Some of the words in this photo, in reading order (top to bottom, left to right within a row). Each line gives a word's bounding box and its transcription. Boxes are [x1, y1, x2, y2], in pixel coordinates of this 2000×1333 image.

******************************

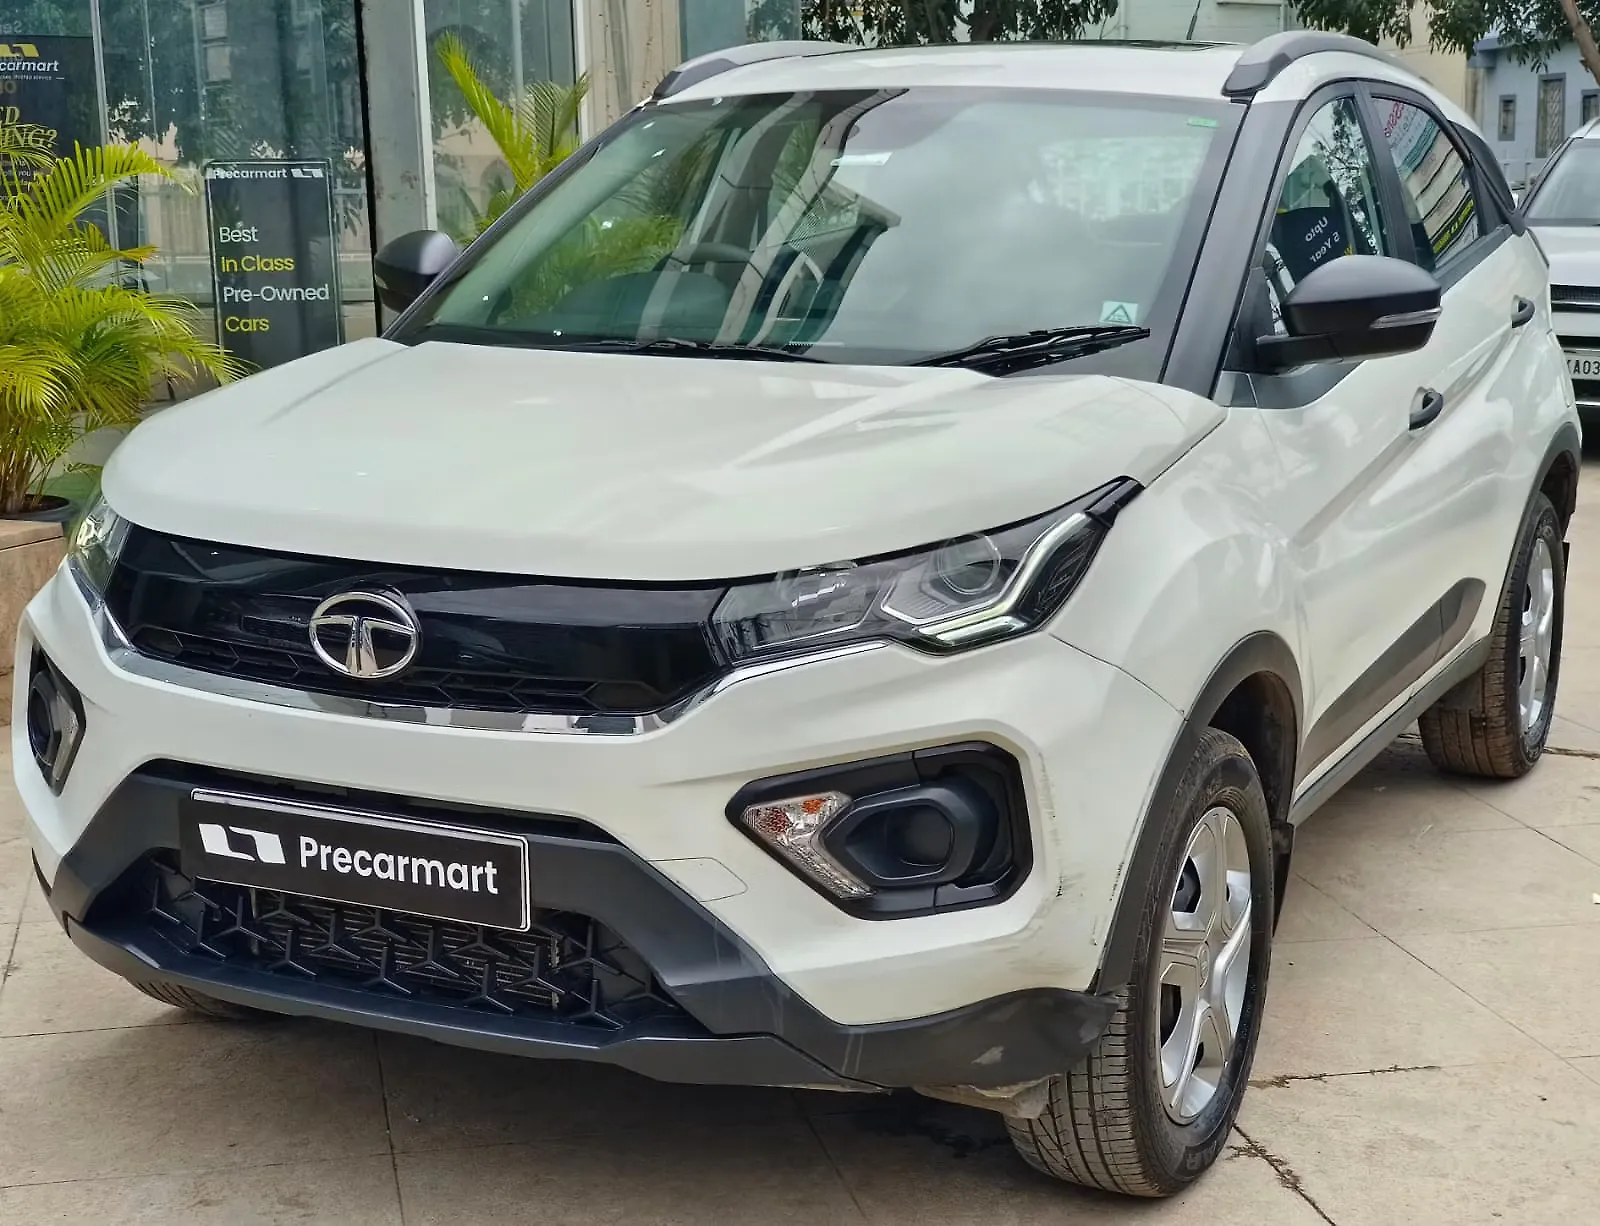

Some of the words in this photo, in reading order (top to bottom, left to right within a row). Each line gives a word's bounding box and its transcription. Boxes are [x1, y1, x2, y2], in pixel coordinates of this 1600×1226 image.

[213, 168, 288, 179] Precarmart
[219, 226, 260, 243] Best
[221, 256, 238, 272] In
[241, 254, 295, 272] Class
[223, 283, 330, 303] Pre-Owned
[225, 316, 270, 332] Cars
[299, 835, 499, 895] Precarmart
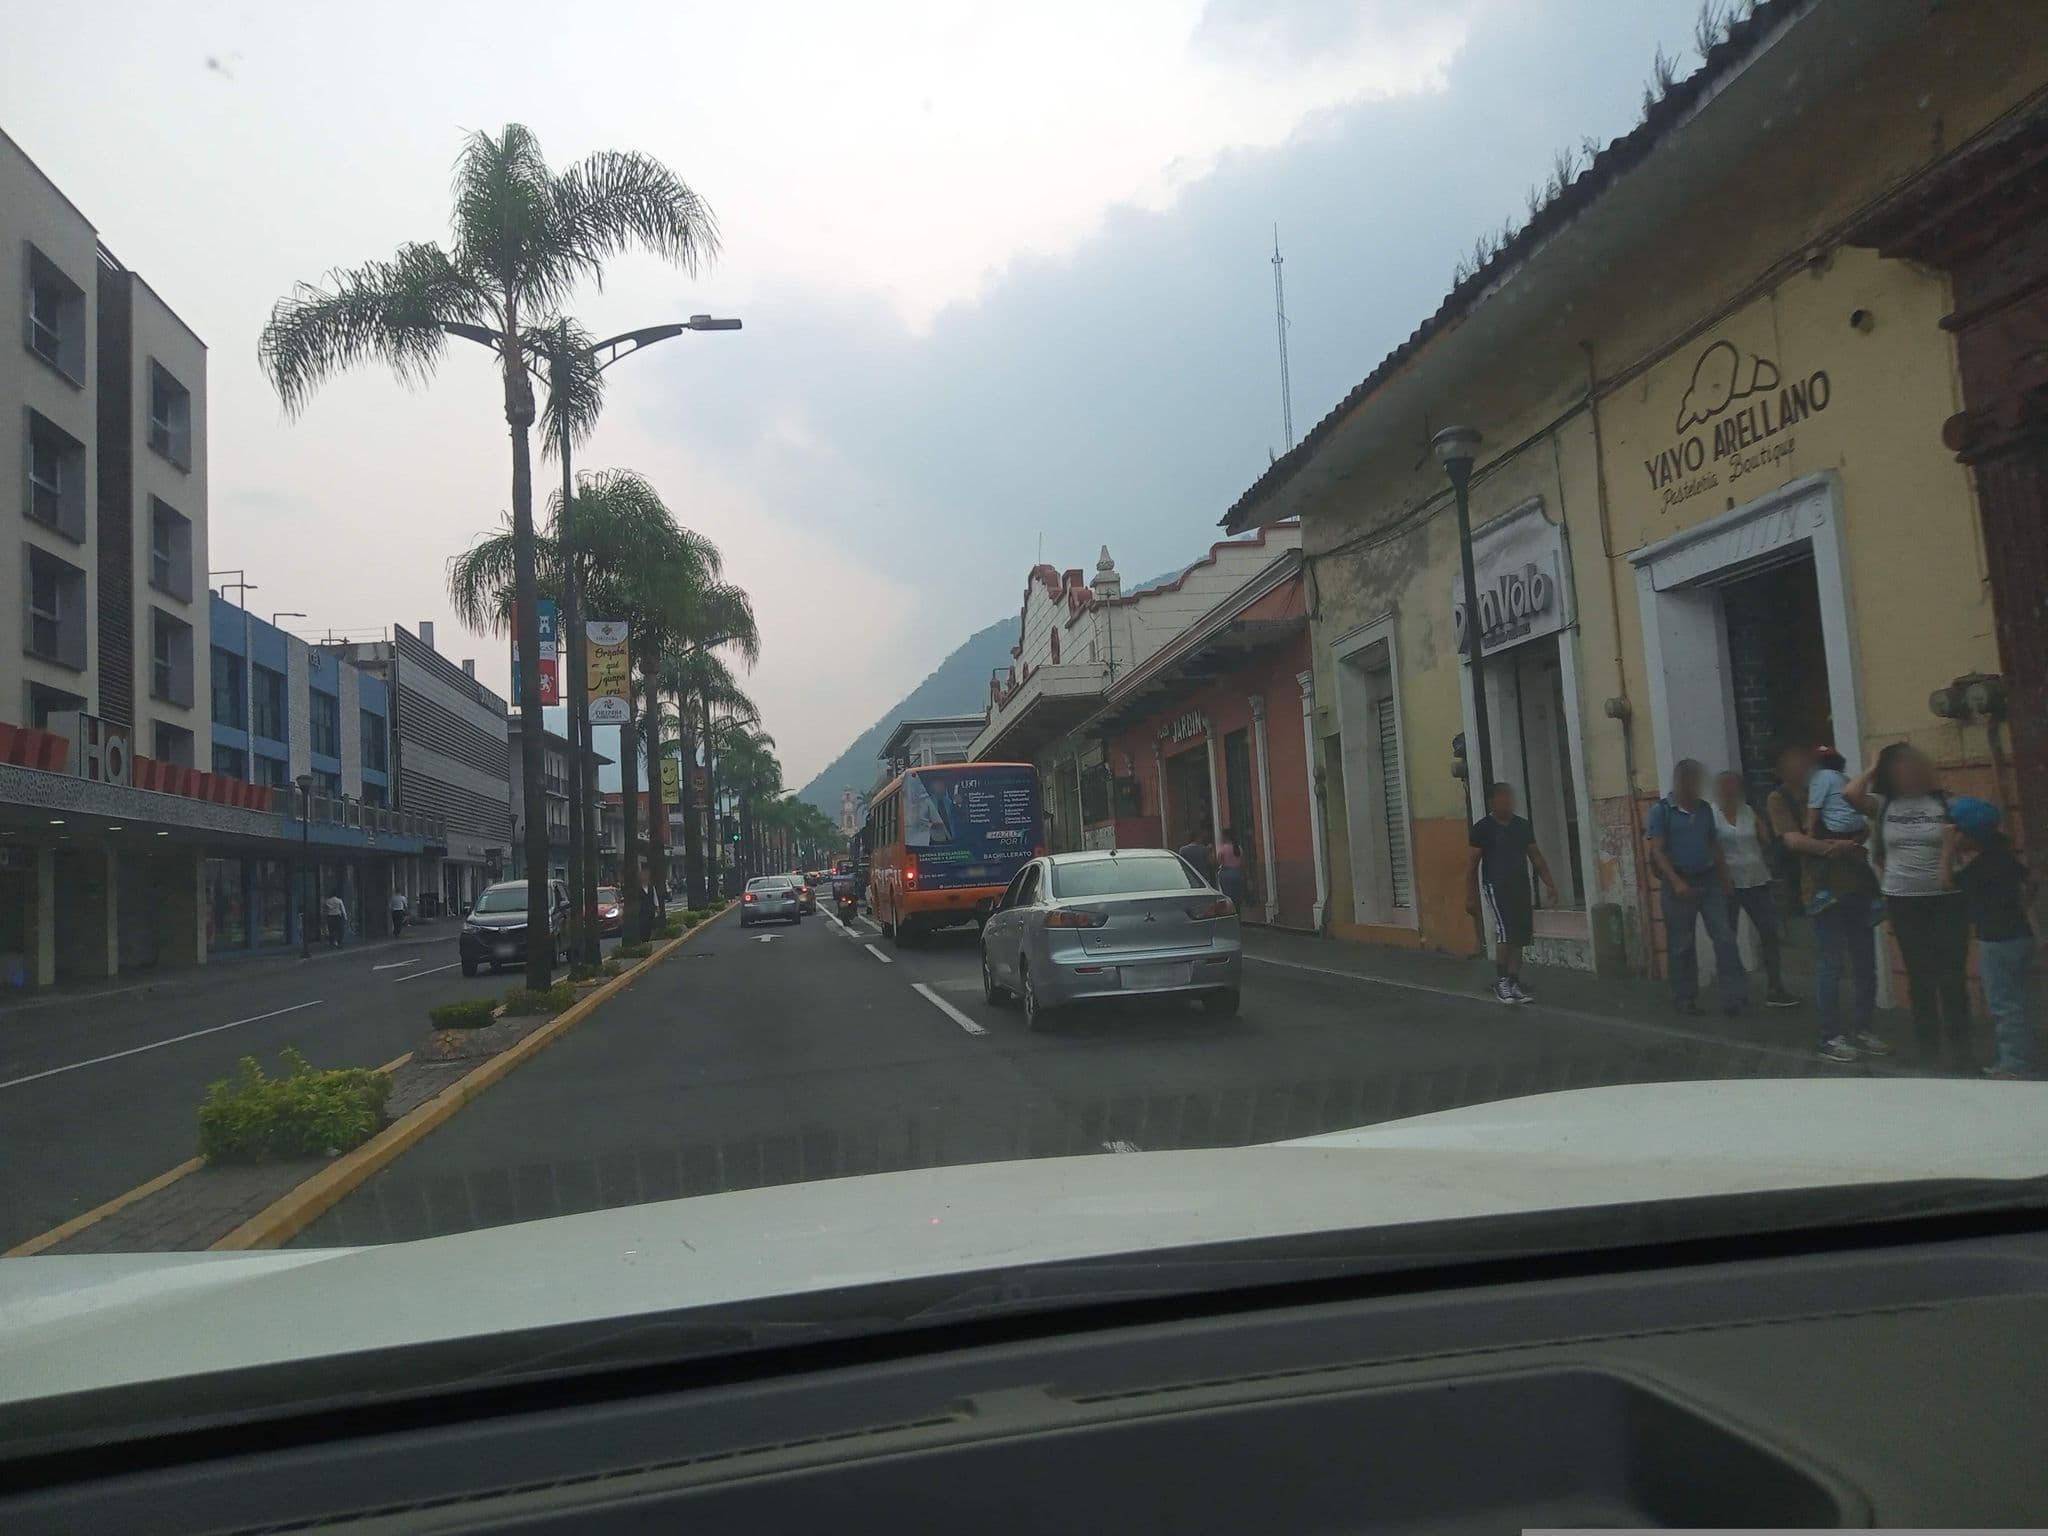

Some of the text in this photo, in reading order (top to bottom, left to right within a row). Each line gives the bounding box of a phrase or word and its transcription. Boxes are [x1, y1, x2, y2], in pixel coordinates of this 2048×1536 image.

******************************

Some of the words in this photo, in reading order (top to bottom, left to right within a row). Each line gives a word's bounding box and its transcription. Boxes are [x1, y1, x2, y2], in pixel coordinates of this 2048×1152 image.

******************************

* [Problem statement]: In the data above, take the line with "this 1600×1226 image.", the line with "Some of the text", and every line between, and set them down exactly without pictures.

* [Written answer]:
Some of the words in this photo, in reading order (top to bottom, left to right within a row). Each line gives a word's bounding box and its transcription. Boxes are [x1, y1, x2, y2], in pixel coordinates of this 1600×1226 image.

[213, 168, 288, 179] Precarmart
[219, 226, 260, 243] Best
[221, 256, 238, 272] In
[241, 254, 295, 272] Class
[223, 283, 330, 303] Pre-Owned
[225, 316, 270, 332] Cars
[299, 835, 499, 895] Precarmart

Some of the text in this photo, in reading order (top to bottom, left to right within a row). Each line gives the bounding box of a phrase or word and its transcription. Boxes are [x1, y1, x2, y2], in pixel coordinates of this 2048×1536 image.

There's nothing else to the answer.